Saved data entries

-------

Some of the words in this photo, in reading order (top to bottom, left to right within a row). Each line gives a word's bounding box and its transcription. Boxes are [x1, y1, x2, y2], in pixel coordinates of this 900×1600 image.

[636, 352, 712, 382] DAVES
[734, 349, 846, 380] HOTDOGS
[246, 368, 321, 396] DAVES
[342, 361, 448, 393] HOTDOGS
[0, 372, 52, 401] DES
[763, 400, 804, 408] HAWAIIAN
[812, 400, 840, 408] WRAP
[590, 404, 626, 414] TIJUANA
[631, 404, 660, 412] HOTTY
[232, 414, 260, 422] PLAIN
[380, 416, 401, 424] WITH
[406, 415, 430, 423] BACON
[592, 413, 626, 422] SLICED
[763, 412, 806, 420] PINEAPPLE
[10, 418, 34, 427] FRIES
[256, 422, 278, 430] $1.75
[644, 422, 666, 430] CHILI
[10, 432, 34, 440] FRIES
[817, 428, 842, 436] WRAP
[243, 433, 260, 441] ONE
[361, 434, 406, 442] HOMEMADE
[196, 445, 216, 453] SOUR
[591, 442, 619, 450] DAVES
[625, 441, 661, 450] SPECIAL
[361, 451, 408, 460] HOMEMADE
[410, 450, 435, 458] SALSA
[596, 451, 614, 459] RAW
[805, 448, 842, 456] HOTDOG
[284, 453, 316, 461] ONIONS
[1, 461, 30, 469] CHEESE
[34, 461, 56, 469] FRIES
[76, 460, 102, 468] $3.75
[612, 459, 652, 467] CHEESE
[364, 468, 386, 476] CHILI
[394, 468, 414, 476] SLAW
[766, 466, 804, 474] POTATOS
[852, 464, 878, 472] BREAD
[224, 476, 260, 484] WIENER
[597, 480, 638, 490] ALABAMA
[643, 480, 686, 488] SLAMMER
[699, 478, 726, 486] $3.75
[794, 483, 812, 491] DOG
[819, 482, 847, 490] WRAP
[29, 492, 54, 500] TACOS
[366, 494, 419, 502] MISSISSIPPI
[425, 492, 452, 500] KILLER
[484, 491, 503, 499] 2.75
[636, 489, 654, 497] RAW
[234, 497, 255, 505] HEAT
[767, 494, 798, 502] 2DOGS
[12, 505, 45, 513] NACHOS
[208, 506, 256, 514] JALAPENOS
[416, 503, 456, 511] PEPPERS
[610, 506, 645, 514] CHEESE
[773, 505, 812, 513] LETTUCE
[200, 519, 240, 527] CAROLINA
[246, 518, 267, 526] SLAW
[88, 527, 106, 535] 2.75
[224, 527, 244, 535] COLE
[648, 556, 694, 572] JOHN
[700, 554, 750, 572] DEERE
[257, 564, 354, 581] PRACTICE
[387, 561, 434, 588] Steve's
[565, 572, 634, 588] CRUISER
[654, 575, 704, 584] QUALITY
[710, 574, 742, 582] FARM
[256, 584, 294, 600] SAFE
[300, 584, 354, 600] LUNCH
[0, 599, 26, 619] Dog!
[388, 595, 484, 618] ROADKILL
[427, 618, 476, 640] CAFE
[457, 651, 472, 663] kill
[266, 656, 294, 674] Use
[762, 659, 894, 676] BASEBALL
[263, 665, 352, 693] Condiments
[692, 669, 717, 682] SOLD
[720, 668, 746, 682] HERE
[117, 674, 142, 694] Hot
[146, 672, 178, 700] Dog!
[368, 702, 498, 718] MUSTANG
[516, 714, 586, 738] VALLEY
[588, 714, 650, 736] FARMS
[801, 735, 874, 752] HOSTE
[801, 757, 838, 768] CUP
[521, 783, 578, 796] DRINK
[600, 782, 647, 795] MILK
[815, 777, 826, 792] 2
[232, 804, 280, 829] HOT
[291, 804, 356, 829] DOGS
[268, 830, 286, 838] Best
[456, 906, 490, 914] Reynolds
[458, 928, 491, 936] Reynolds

-------

• **Problem requirements**
Transcribe all of the data above, character for character.

• **Output for this task**
Some of the words in this photo, in reading order (top to bottom, left to right within a row). Each line gives a word's bounding box and its transcription. Boxes are [x1, y1, x2, y2], in pixel coordinates of this 900×1600 image.

[636, 352, 712, 382] DAVES
[734, 349, 846, 380] HOTDOGS
[246, 368, 321, 396] DAVES
[342, 361, 448, 393] HOTDOGS
[0, 372, 52, 401] DES
[763, 400, 804, 408] HAWAIIAN
[812, 400, 840, 408] WRAP
[590, 404, 626, 414] TIJUANA
[631, 404, 660, 412] HOTTY
[232, 414, 260, 422] PLAIN
[380, 416, 401, 424] WITH
[406, 415, 430, 423] BACON
[592, 413, 626, 422] SLICED
[763, 412, 806, 420] PINEAPPLE
[10, 418, 34, 427] FRIES
[256, 422, 278, 430] $1.75
[644, 422, 666, 430] CHILI
[10, 432, 34, 440] FRIES
[817, 428, 842, 436] WRAP
[243, 433, 260, 441] ONE
[361, 434, 406, 442] HOMEMADE
[196, 445, 216, 453] SOUR
[591, 442, 619, 450] DAVES
[625, 441, 661, 450] SPECIAL
[361, 451, 408, 460] HOMEMADE
[410, 450, 435, 458] SALSA
[596, 451, 614, 459] RAW
[805, 448, 842, 456] HOTDOG
[284, 453, 316, 461] ONIONS
[1, 461, 30, 469] CHEESE
[34, 461, 56, 469] FRIES
[76, 460, 102, 468] $3.75
[612, 459, 652, 467] CHEESE
[364, 468, 386, 476] CHILI
[394, 468, 414, 476] SLAW
[766, 466, 804, 474] POTATOS
[852, 464, 878, 472] BREAD
[224, 476, 260, 484] WIENER
[597, 480, 638, 490] ALABAMA
[643, 480, 686, 488] SLAMMER
[699, 478, 726, 486] $3.75
[794, 483, 812, 491] DOG
[819, 482, 847, 490] WRAP
[29, 492, 54, 500] TACOS
[366, 494, 419, 502] MISSISSIPPI
[425, 492, 452, 500] KILLER
[484, 491, 503, 499] 2.75
[636, 489, 654, 497] RAW
[234, 497, 255, 505] HEAT
[767, 494, 798, 502] 2DOGS
[12, 505, 45, 513] NACHOS
[208, 506, 256, 514] JALAPENOS
[416, 503, 456, 511] PEPPERS
[610, 506, 645, 514] CHEESE
[773, 505, 812, 513] LETTUCE
[200, 519, 240, 527] CAROLINA
[246, 518, 267, 526] SLAW
[88, 527, 106, 535] 2.75
[224, 527, 244, 535] COLE
[648, 556, 694, 572] JOHN
[700, 554, 750, 572] DEERE
[257, 564, 354, 581] PRACTICE
[387, 561, 434, 588] Steve's
[565, 572, 634, 588] CRUISER
[654, 575, 704, 584] QUALITY
[710, 574, 742, 582] FARM
[256, 584, 294, 600] SAFE
[300, 584, 354, 600] LUNCH
[0, 599, 26, 619] Dog!
[388, 595, 484, 618] ROADKILL
[427, 618, 476, 640] CAFE
[457, 651, 472, 663] kill
[266, 656, 294, 674] Use
[762, 659, 894, 676] BASEBALL
[263, 665, 352, 693] Condiments
[692, 669, 717, 682] SOLD
[720, 668, 746, 682] HERE
[117, 674, 142, 694] Hot
[146, 672, 178, 700] Dog!
[368, 702, 498, 718] MUSTANG
[516, 714, 586, 738] VALLEY
[588, 714, 650, 736] FARMS
[801, 735, 874, 752] HOSTE
[801, 757, 838, 768] CUP
[521, 783, 578, 796] DRINK
[600, 782, 647, 795] MILK
[815, 777, 826, 792] 2
[232, 804, 280, 829] HOT
[291, 804, 356, 829] DOGS
[268, 830, 286, 838] Best
[456, 906, 490, 914] Reynolds
[458, 928, 491, 936] Reynolds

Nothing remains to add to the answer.